The rewarding system at SH is separated from target setting (Hope & Fraser 2003c). SH does not have an individual rewarding system. By rather having a relative performance evaluation, SH can cope with the possible role conflict caused by budgeting, and particularly the role conflict of motivation and evaluation. SH applies a league system to compare the regions and the branches with each other (Hope & Fraser 2003c). Relative performance indicators are used to have a fair judgment. This system is very similar to what SH does for the overall performance evaluation of the company. However, the reward process is not based on the so-called “performance league” (Hope & Fraser 2003, p.114). Every year, SH publishes a relative ranking to show how well each branch and region has performed, compared to the others (ibid.). While the relative performance evaluation is motivating the branches and regions to reach a good position in the ‘league’, and the profit is shared equally regardless of the team performance. Thus, the rewarding and (team) performance evaluation suggested in the second BB principle is distinct from SH practices. Separating performance evaluation and rewarding by sharing the profit ensures that SH goes even further than what the second principle suggests. Consequently, SH has a rewarding and performance evaluation, which is BB although it is not conform to the principle #2.

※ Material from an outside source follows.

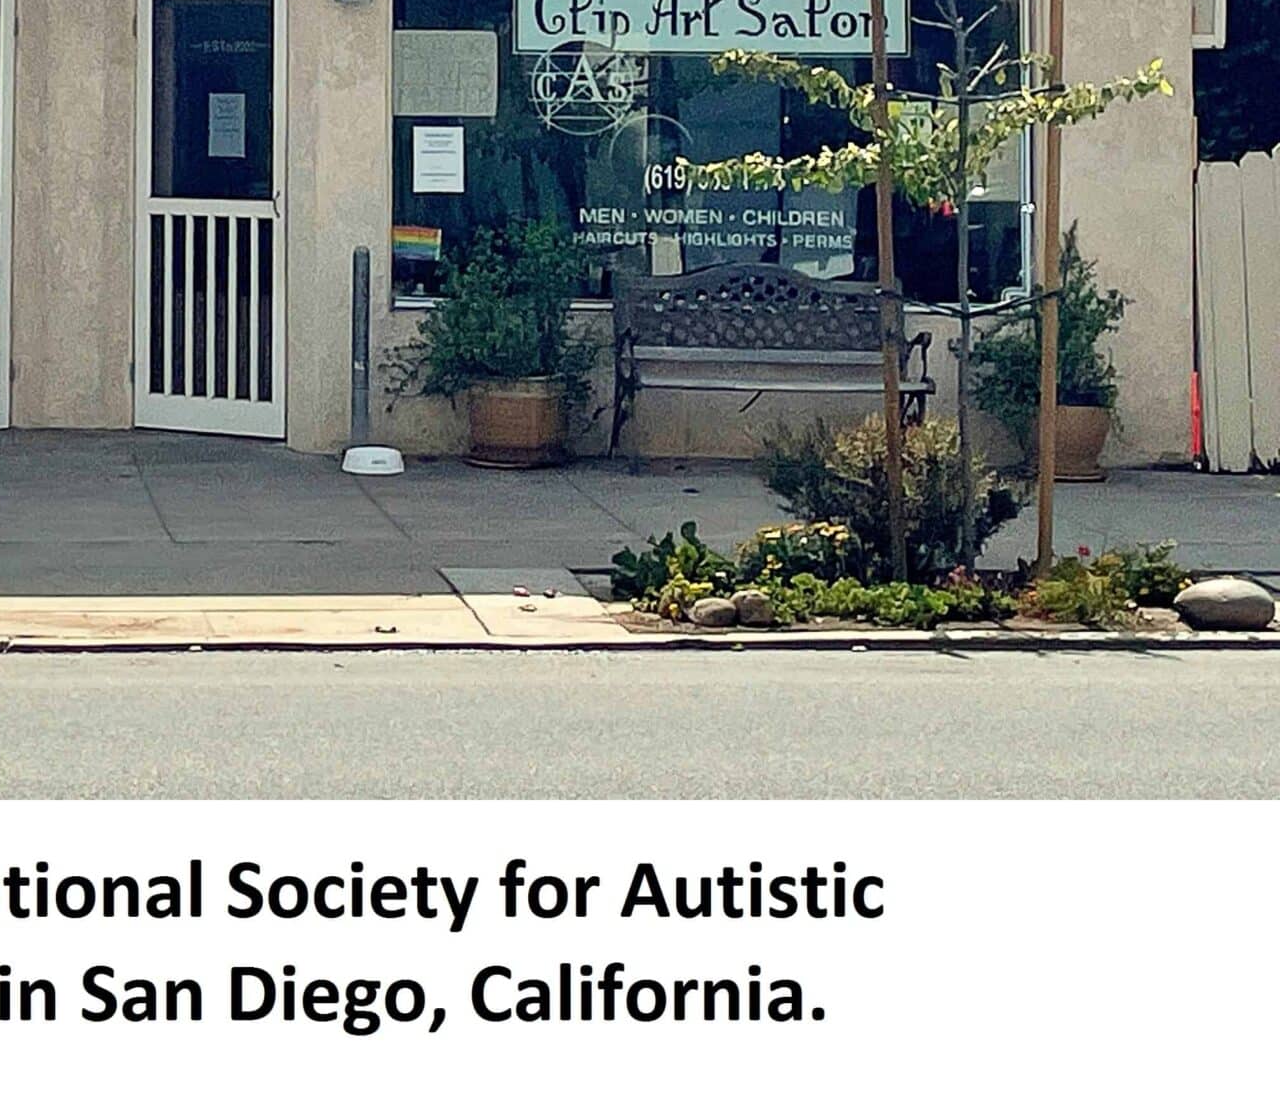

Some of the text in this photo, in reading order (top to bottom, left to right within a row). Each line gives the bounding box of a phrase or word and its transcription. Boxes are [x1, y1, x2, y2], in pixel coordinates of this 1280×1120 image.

[579, 208, 844, 227] MEN WOMEN CHILDREN
[573, 232, 852, 249] HAIRCUTS HIGHLIGHTS PERMS
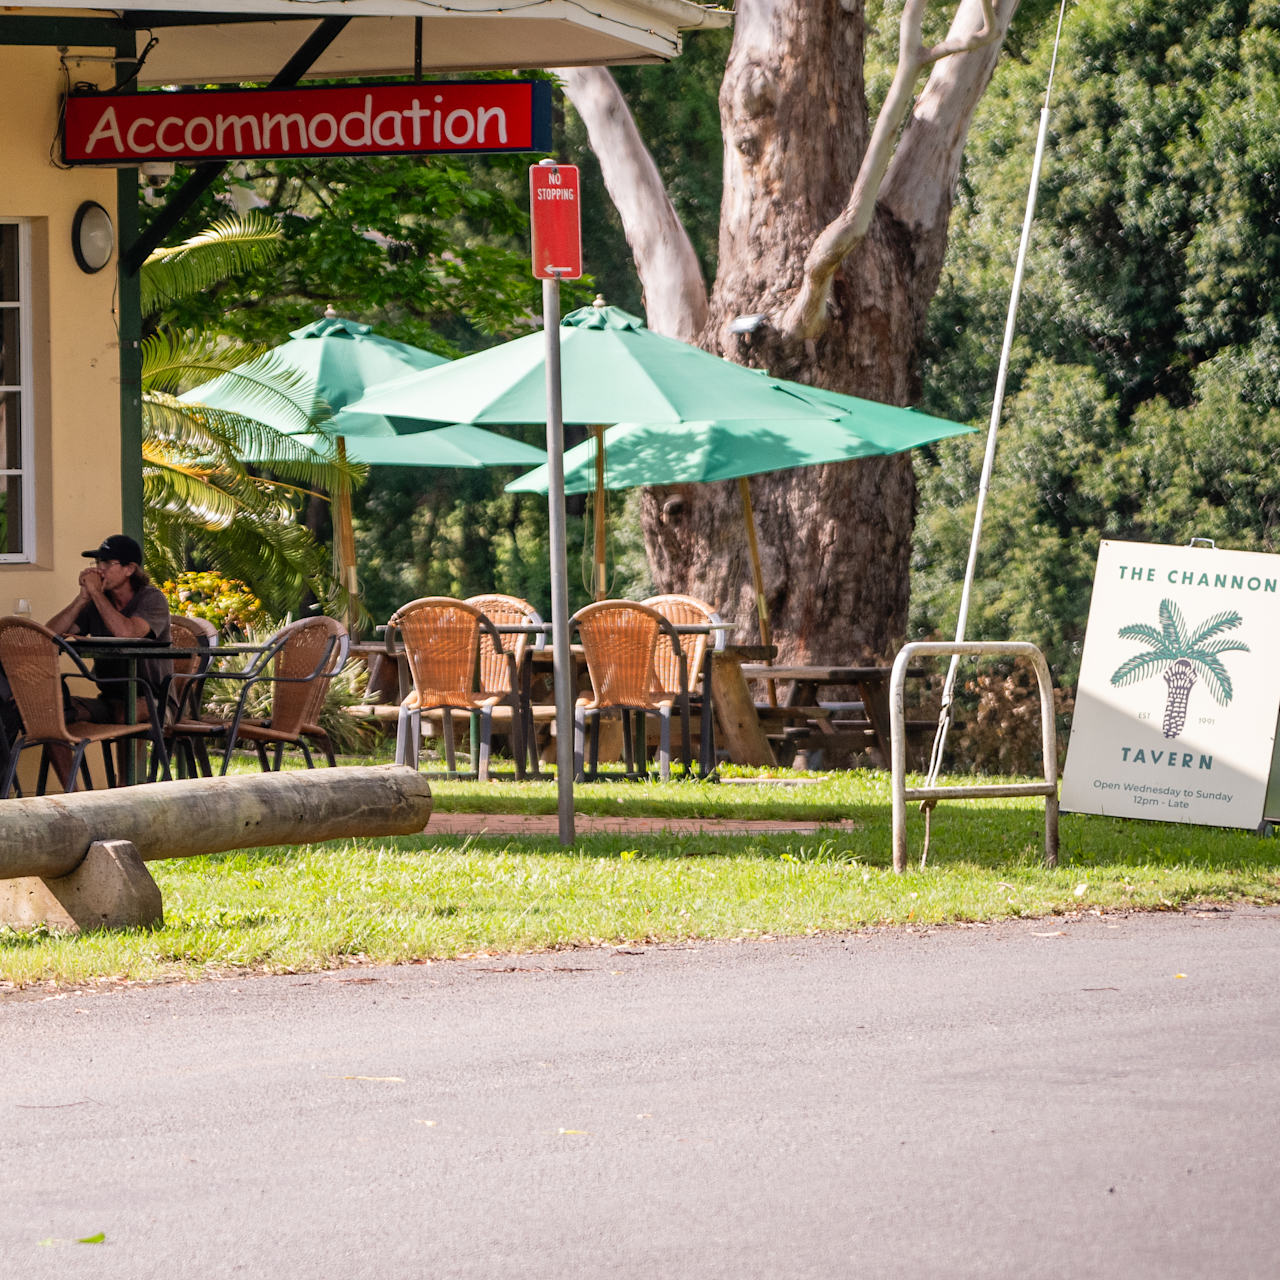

The strategy of SH is to have satisfied customers rather than setting focus on growth (Hope & Fraser 2003c). Furthermore, the goal is to keep the cost-to-income ratio beneath 40%. Thus, SH employs a relative strategy. Relative goals rather than a fixed strategy that is geared for growth opens the opportunity to give the freedom of action to the branches (Lindsay & Libby 2007b). Thus, as suggested by the third BB principle, SH employs a relative and continuous strategy with boundaries and set regulations by higher authorities. This boundary system is relatively close related to the boundary system used for strategy renewal by Simons (1995). As banks in general are highly regulated, SH has to ensure that the branches, when coming to decisions, are working within the pre-set boundaries (Cäker & Siverbo 2014). Thus, the higher management ensures the strategy alignment. Formal action control is further employed. As anticipated, SH must have a cash flow planning. A rolling cash forecast, updated every three months ensures the action control (Hope & Fraser 2003c). These rolling cash forecast are only accessible to the chief executives and the group chief controller (CCC). Thus, SH keeps the control of cash flows very close to the business management.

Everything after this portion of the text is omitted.